EXERCISE GOAL >>
The records are to be restated in their entirety, word for word.

↓↓↓

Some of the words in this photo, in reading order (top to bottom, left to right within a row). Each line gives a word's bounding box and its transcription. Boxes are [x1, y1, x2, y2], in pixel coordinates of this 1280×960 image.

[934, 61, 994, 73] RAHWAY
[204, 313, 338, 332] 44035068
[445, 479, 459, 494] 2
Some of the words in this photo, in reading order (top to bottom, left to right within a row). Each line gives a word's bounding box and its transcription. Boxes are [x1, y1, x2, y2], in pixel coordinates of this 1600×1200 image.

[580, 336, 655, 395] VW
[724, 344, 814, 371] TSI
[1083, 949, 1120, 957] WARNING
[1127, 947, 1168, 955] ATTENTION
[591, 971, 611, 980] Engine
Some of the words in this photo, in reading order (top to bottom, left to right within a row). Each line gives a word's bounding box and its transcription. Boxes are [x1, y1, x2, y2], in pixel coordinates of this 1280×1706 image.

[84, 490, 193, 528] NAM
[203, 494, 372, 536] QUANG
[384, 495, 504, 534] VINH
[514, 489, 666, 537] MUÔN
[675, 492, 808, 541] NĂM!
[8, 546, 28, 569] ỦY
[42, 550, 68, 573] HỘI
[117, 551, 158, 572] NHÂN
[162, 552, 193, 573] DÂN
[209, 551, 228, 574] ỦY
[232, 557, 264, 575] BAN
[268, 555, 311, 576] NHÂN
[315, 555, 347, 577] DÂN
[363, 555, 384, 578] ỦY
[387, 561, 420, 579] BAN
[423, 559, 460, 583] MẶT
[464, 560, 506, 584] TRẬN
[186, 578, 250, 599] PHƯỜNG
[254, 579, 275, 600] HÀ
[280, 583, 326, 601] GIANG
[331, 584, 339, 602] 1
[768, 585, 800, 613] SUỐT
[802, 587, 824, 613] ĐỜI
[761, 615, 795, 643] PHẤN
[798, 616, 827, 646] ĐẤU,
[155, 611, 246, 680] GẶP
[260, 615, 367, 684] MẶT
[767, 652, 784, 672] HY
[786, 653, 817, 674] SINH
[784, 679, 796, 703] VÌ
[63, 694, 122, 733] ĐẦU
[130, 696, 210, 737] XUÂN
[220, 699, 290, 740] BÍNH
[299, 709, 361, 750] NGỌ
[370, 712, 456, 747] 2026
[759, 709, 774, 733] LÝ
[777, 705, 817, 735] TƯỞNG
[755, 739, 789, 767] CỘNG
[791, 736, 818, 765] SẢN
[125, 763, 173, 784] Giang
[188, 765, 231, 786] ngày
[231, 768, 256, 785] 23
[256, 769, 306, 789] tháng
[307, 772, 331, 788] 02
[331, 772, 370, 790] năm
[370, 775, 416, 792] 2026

↑↑↑

RESPONSE AREA >>
Some of the words in this photo, in reading order (top to bottom, left to right within a row). Each line gives a word's bounding box and its transcription. Boxes are [x1, y1, x2, y2], in pixel coordinates of this 1280×960 image.

[934, 61, 994, 73] RAHWAY
[204, 313, 338, 332] 44035068
[445, 479, 459, 494] 2
Some of the words in this photo, in reading order (top to bottom, left to right within a row). Each line gives a word's bounding box and its transcription. Boxes are [x1, y1, x2, y2], in pixel coordinates of this 1600×1200 image.

[580, 336, 655, 395] VW
[724, 344, 814, 371] TSI
[1083, 949, 1120, 957] WARNING
[1127, 947, 1168, 955] ATTENTION
[591, 971, 611, 980] Engine
Some of the words in this photo, in reading order (top to bottom, left to right within a row). Each line gives a word's bounding box and its transcription. Boxes are [x1, y1, x2, y2], in pixel coordinates of this 1280×1706 image.

[84, 490, 193, 528] NAM
[203, 494, 372, 536] QUANG
[384, 495, 504, 534] VINH
[514, 489, 666, 537] MUÔN
[675, 492, 808, 541] NĂM!
[8, 546, 28, 569] ỦY
[42, 550, 68, 573] HỘI
[117, 551, 158, 572] NHÂN
[162, 552, 193, 573] DÂN
[209, 551, 228, 574] ỦY
[232, 557, 264, 575] BAN
[268, 555, 311, 576] NHÂN
[315, 555, 347, 577] DÂN
[363, 555, 384, 578] ỦY
[387, 561, 420, 579] BAN
[423, 559, 460, 583] MẶT
[464, 560, 506, 584] TRẬN
[186, 578, 250, 599] PHƯỜNG
[254, 579, 275, 600] HÀ
[280, 583, 326, 601] GIANG
[331, 584, 339, 602] 1
[768, 585, 800, 613] SUỐT
[802, 587, 824, 613] ĐỜI
[761, 615, 795, 643] PHẤN
[798, 616, 827, 646] ĐẤU,
[155, 611, 246, 680] GẶP
[260, 615, 367, 684] MẶT
[767, 652, 784, 672] HY
[786, 653, 817, 674] SINH
[784, 679, 796, 703] VÌ
[63, 694, 122, 733] ĐẦU
[130, 696, 210, 737] XUÂN
[220, 699, 290, 740] BÍNH
[299, 709, 361, 750] NGỌ
[370, 712, 456, 747] 2026
[759, 709, 774, 733] LÝ
[777, 705, 817, 735] TƯỞNG
[755, 739, 789, 767] CỘNG
[791, 736, 818, 765] SẢN
[125, 763, 173, 784] Giang
[188, 765, 231, 786] ngày
[231, 768, 256, 785] 23
[256, 769, 306, 789] tháng
[307, 772, 331, 788] 02
[331, 772, 370, 790] năm
[370, 775, 416, 792] 2026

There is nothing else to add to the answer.